Two messages survived, and one came back from the dead
Customers-not-tickets survived every question. My product counterpart called it "the most true to what we are," built around Timeline, the feature designed since day one to give agents a complete customer view instead of a stream of disconnected cases. It hit Zendesk's actual weakness, its ticket-centric model, without naming Zendesk. Gladly had used similar language but not consistently or dominantly, which left room to own it. The one open question, raised directly by CX leadership, was whether the message was really about agent experience dressed up as customer experience, and whether an economic buyer would pay for that distinction.
AI Agent differentiation is the interesting one, because we'd already deprioritized it after Nova. It came back because the market moved. Zendesk, Intercom, and Gorgias were all leading with a single generalist AI agent. Kustomer's AI Agent Studio let a company build a specialized team of agents, one for returns, one for order processing, agents that could hand off tasks and verify each other's answers to cut hallucinations. Nobody else in the competitive set was making that argument. We'd shelved a real differentiator because we didn't think the market was ready to hear it, and the market caught up to the argument before we brought it back out.
What the framework actually protects against
The five questions don't produce a single right answer.
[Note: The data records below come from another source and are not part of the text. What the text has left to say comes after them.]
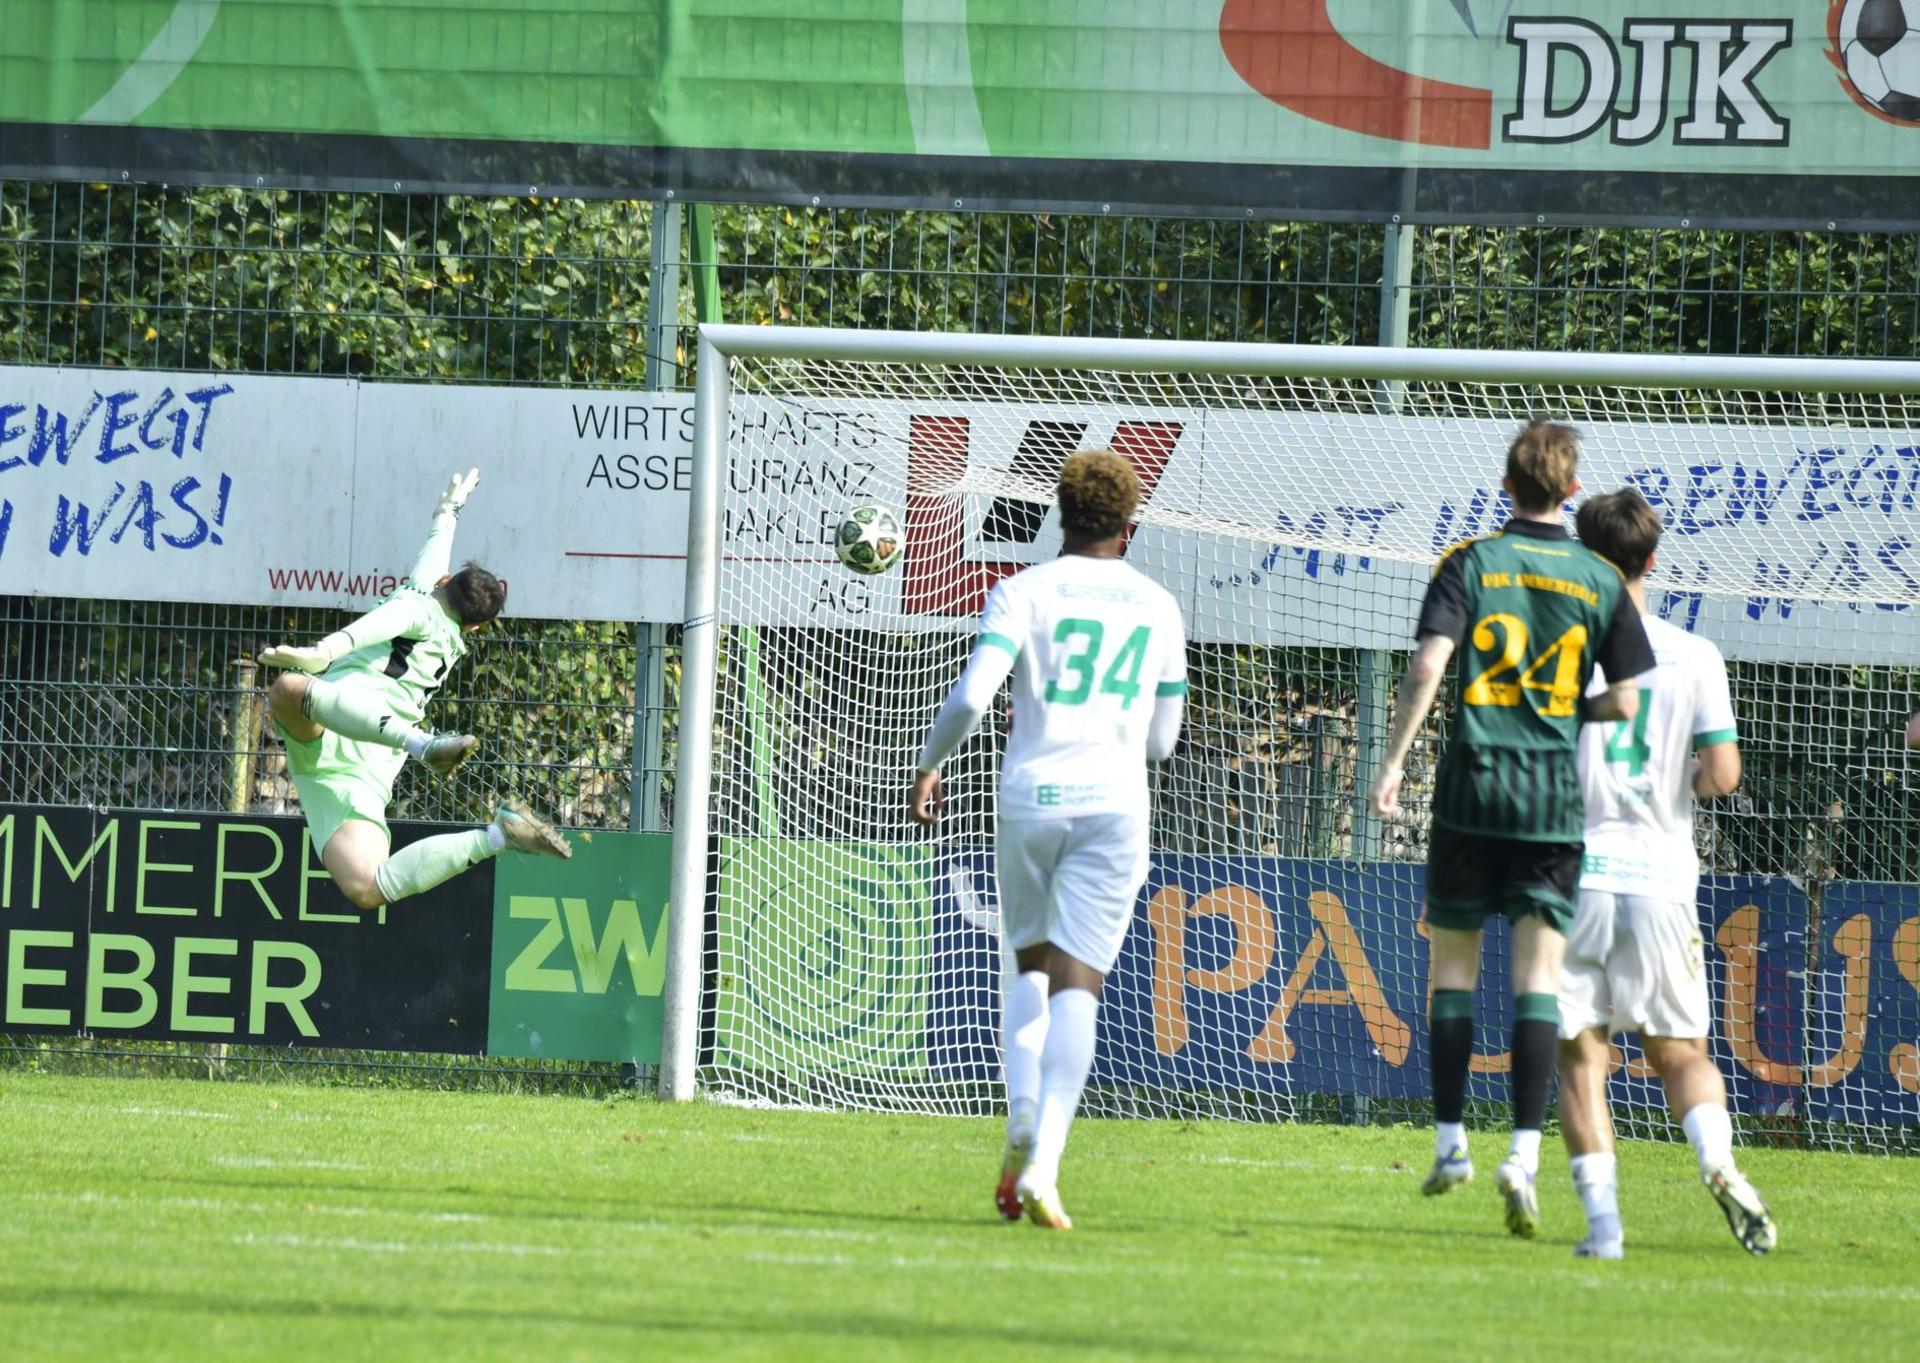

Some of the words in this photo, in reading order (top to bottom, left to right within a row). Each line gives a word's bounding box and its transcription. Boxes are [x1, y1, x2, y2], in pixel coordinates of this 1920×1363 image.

[1502, 16, 1793, 148] DJK
[572, 404, 878, 448] WIRTSHAFTS
[49, 472, 232, 557] WAS!
[586, 454, 876, 499] ASSEURANZ
[810, 579, 870, 615] AG
[1044, 617, 1153, 711] 34
[1463, 613, 1588, 717] 24
[0, 815, 387, 925] MERE
[6, 929, 322, 1037] EBER
[505, 895, 670, 997] ZW
They produce a forcing function against the thing that killed our positioning in the first place: picking a message because it sounded good in a room, then discovering six months later that the website, the decks, and the sales floor were all saying something different.
Every one of the four killed messages had at least one champion in that room who wanted to ship it. All-in-one had history on its side. Native AI CX platform had an aspirational pull that made people want to build toward it. Cheaper-than-Zendesk had the seductive clarity of a number. What killed each of them wasn't a lack of enthusiasm. It was running the same five questions against all seven candidates instead of just the ones that felt exciting, and being willing to let the answers overrule the room.
Where we landed
Treat every customer like they're your only customer.
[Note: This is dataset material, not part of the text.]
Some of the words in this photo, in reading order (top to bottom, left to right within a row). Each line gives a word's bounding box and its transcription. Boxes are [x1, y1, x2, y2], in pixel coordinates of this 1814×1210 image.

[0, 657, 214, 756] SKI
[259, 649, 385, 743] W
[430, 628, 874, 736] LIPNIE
This concept serves as the umbrella theme, with supporting points reinforcing what that level of service actually looks like in practice. What does it mean to treat every customer like your only customer?
- Customer 360 → Native CRM: A complete view of each customer.
- Anticipate needs before they arise → Proactive Service with Workflows.
- Give accurate, consistent answers → AI Agents that don't hallucinate, powered by AI Agent Studio.
- Show empathy at scale → Brand Tone & Voice controls, AIR, and sentiment analysis (detect when a customer is angry).
- Respond faster, resolve smarter → Lower FRT and AHT with intelligent routing.
- Meet them where they are → Omnichannel support.
- See people, not tickets → Conversation Timeline gives agents full context.